> **Information**:
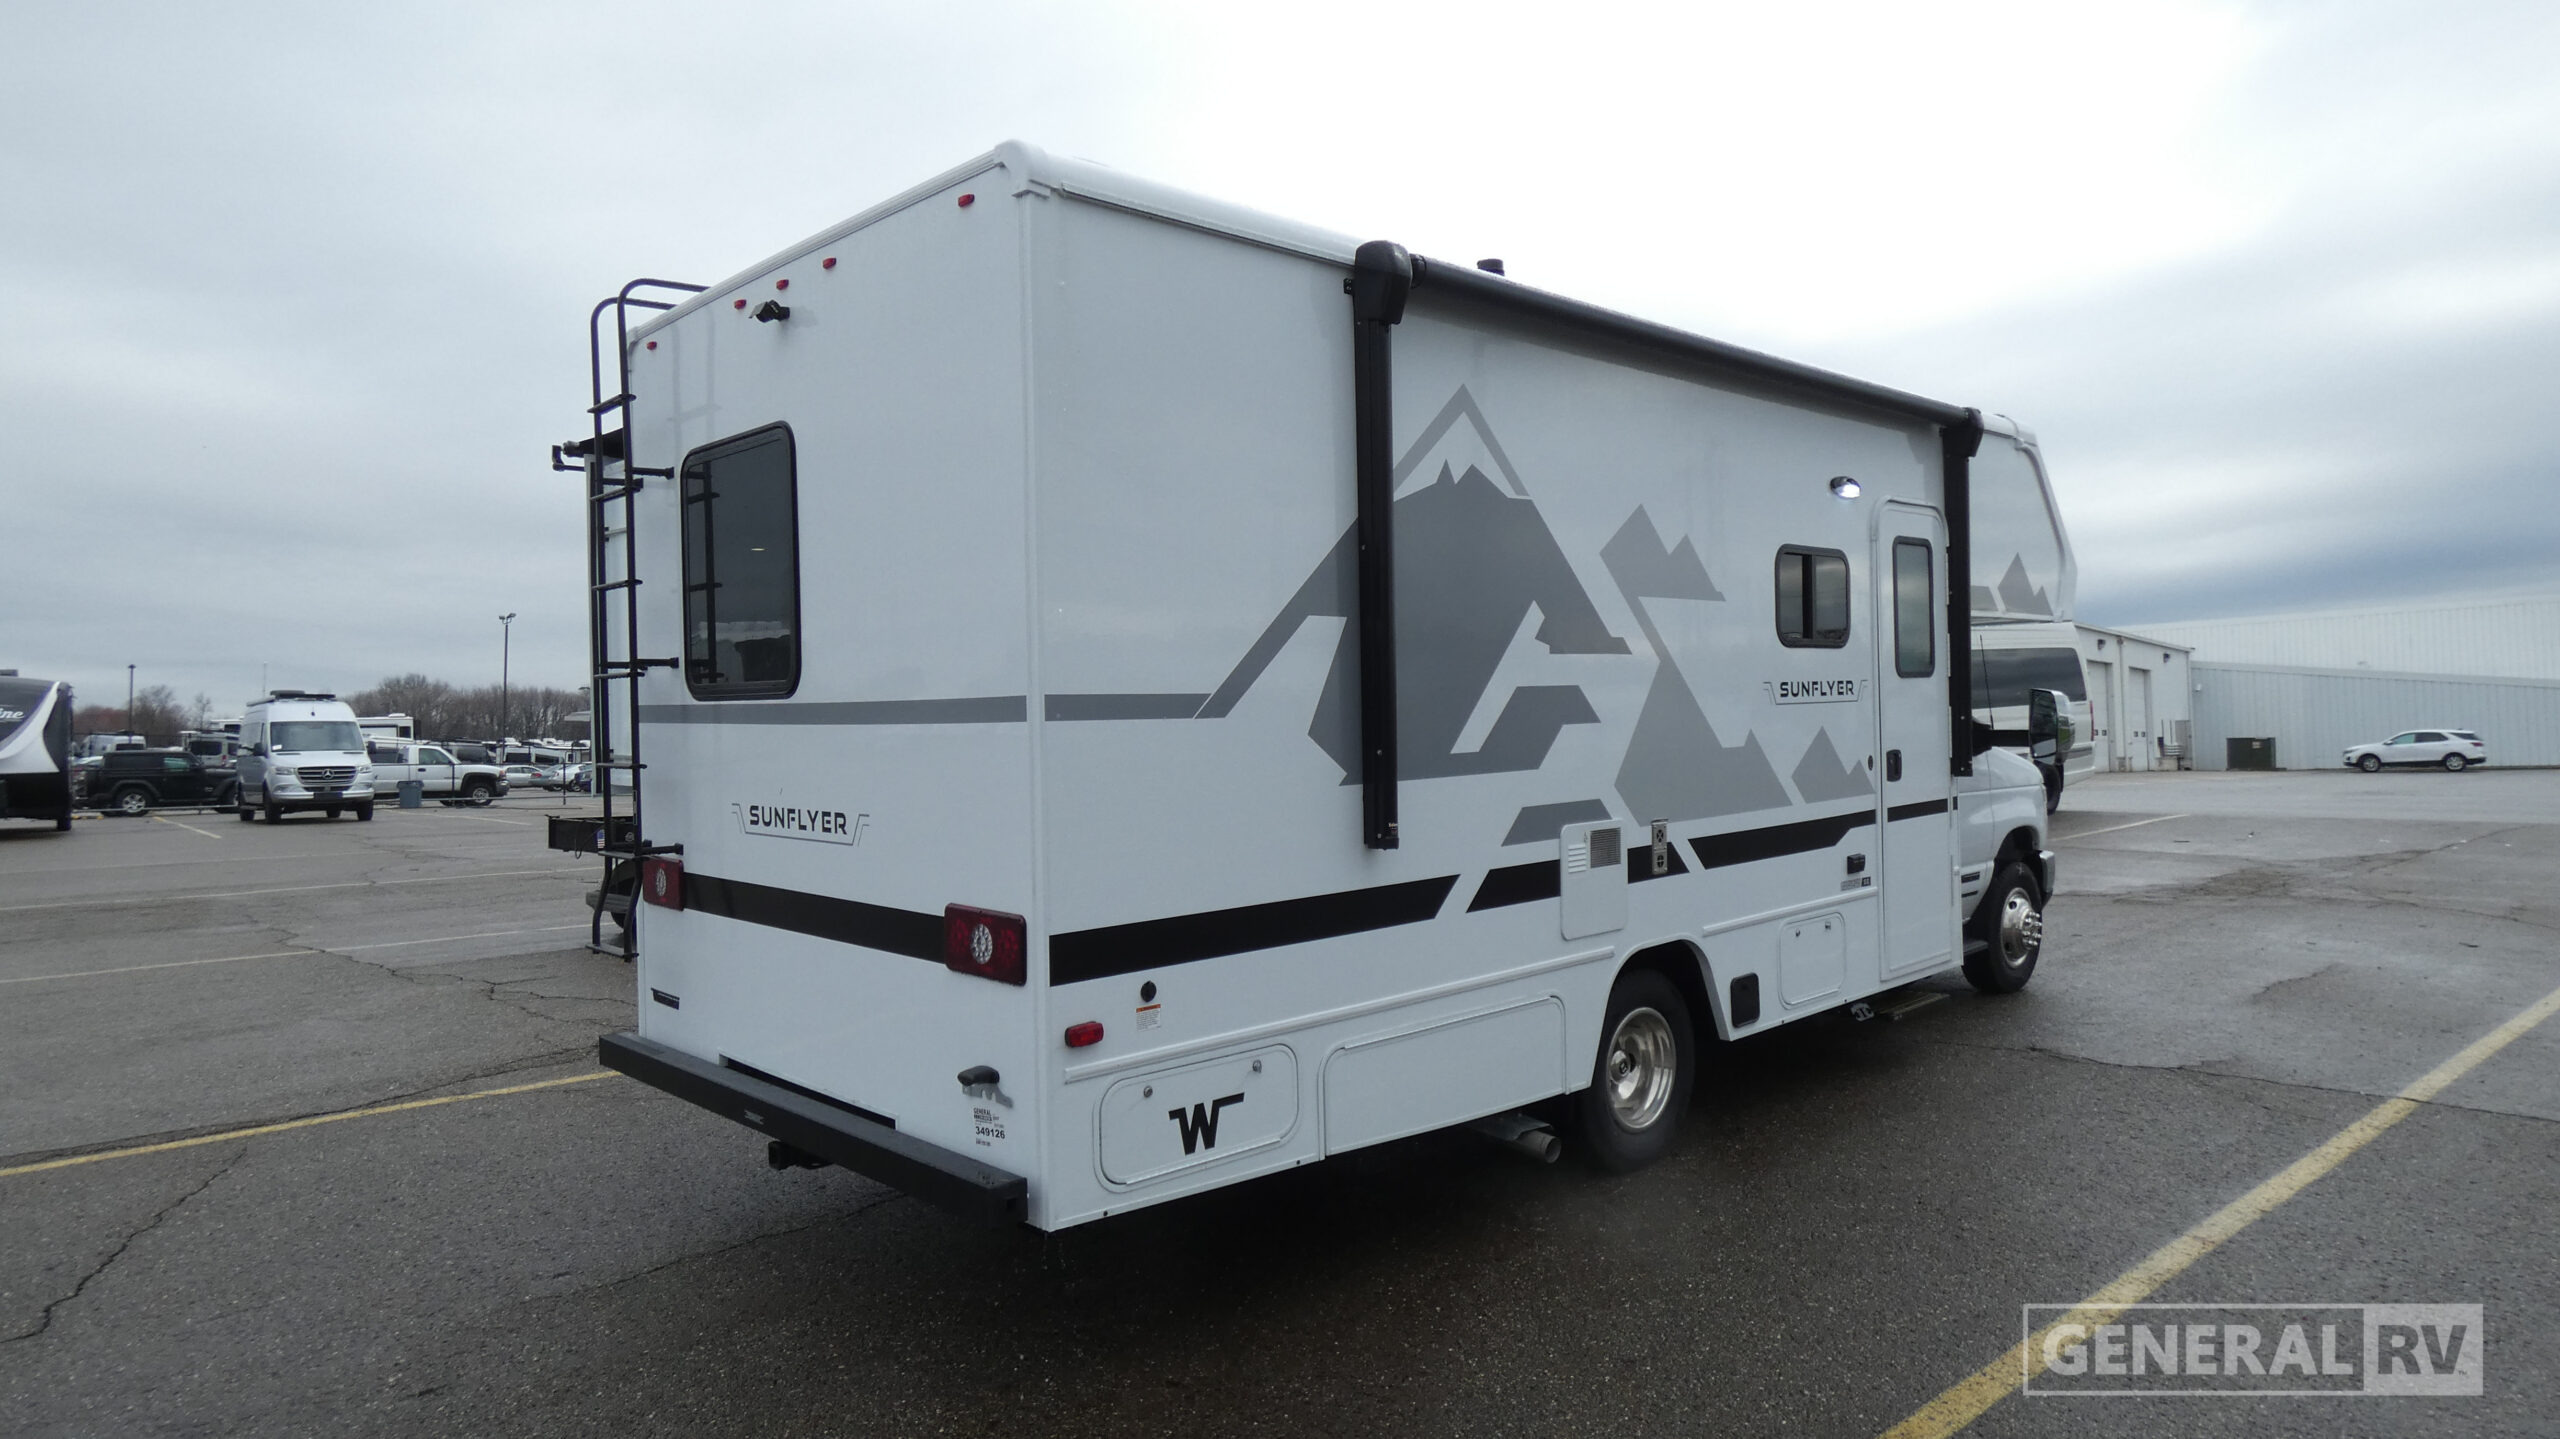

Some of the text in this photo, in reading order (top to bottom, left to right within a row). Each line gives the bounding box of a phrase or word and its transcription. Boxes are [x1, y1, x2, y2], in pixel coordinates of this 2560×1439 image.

[1780, 680, 1854, 697] SUNFLYER
[749, 805, 847, 835] SUNFLYER
[975, 1126, 1005, 1140] 349126
[1168, 1092, 1245, 1156] W
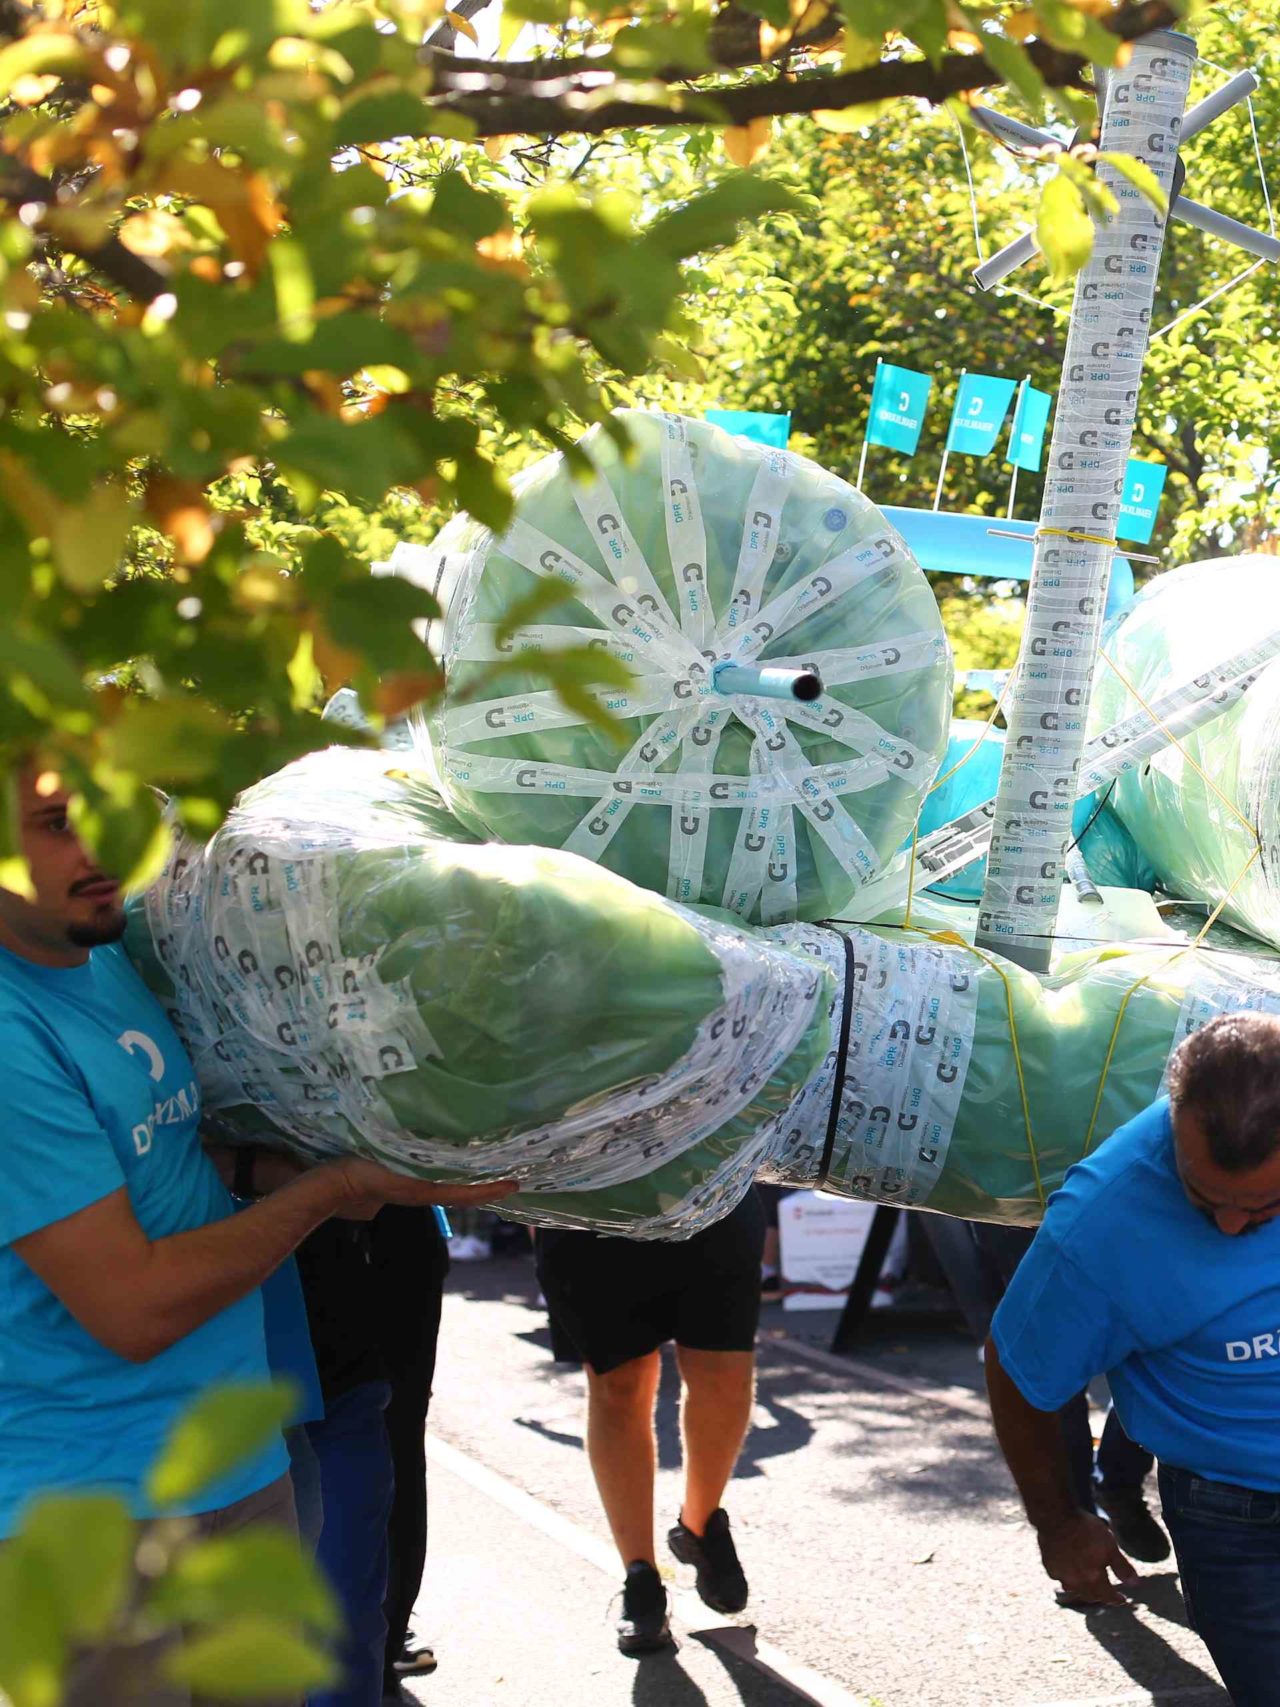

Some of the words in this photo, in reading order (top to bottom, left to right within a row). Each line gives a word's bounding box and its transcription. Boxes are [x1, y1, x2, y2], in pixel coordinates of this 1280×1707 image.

[1129, 265, 1147, 273] DPR
[1090, 373, 1110, 381] DPR
[1080, 460, 1100, 469] DPR
[1056, 485, 1074, 493] DPR
[673, 503, 683, 523] DPR
[608, 538, 622, 560] DPR
[751, 531, 760, 550] DPR
[855, 550, 873, 562] DPR
[689, 589, 698, 612] DPR
[727, 607, 739, 628] DPR
[632, 625, 653, 644] DPR
[1053, 648, 1073, 657] DPR
[606, 698, 628, 710] DPR
[806, 701, 823, 713] DPR
[513, 711, 535, 723] DPR
[760, 709, 775, 730] DPR
[1065, 722, 1080, 730] DPR
[878, 738, 897, 753] DPR
[803, 778, 819, 799] DPR
[826, 778, 848, 790] DPR
[606, 798, 623, 817] DPR
[758, 808, 770, 830] DPR
[776, 835, 785, 856] DPR
[855, 850, 873, 870] DPR
[682, 879, 691, 898] DPR
[250, 885, 265, 912] DPR
[995, 926, 1014, 935] DPR
[928, 998, 940, 1021] DPR
[885, 1045, 897, 1067] DPR
[951, 1037, 962, 1059] DPR
[910, 1087, 922, 1108] DPR
[864, 1126, 877, 1146] DPR
[930, 1124, 942, 1145] DPR

> **What to produce**: In the listing above, find the line that contains "Some of the words". Write it out exactly, along with each line after it up to and including the last.

> **Task solution**:
Some of the words in this photo, in reading order (top to bottom, left to right within a row). Each line gives a word's bounding box and its transcription. Boxes are [x1, y1, x2, y2], in pixel coordinates of this 1280×1707 image.

[1129, 265, 1147, 273] DPR
[1090, 373, 1110, 381] DPR
[1080, 460, 1100, 469] DPR
[1056, 485, 1074, 493] DPR
[673, 503, 683, 523] DPR
[608, 538, 622, 560] DPR
[751, 531, 760, 550] DPR
[855, 550, 873, 562] DPR
[689, 589, 698, 612] DPR
[727, 607, 739, 628] DPR
[632, 625, 653, 644] DPR
[1053, 648, 1073, 657] DPR
[606, 698, 628, 710] DPR
[806, 701, 823, 713] DPR
[513, 711, 535, 723] DPR
[760, 709, 775, 730] DPR
[1065, 722, 1080, 730] DPR
[878, 738, 897, 753] DPR
[803, 778, 819, 799] DPR
[826, 778, 848, 790] DPR
[606, 798, 623, 817] DPR
[758, 808, 770, 830] DPR
[776, 835, 785, 856] DPR
[855, 850, 873, 870] DPR
[682, 879, 691, 898] DPR
[250, 885, 265, 912] DPR
[995, 926, 1014, 935] DPR
[928, 998, 940, 1021] DPR
[885, 1045, 897, 1067] DPR
[951, 1037, 962, 1059] DPR
[910, 1087, 922, 1108] DPR
[864, 1126, 877, 1146] DPR
[930, 1124, 942, 1145] DPR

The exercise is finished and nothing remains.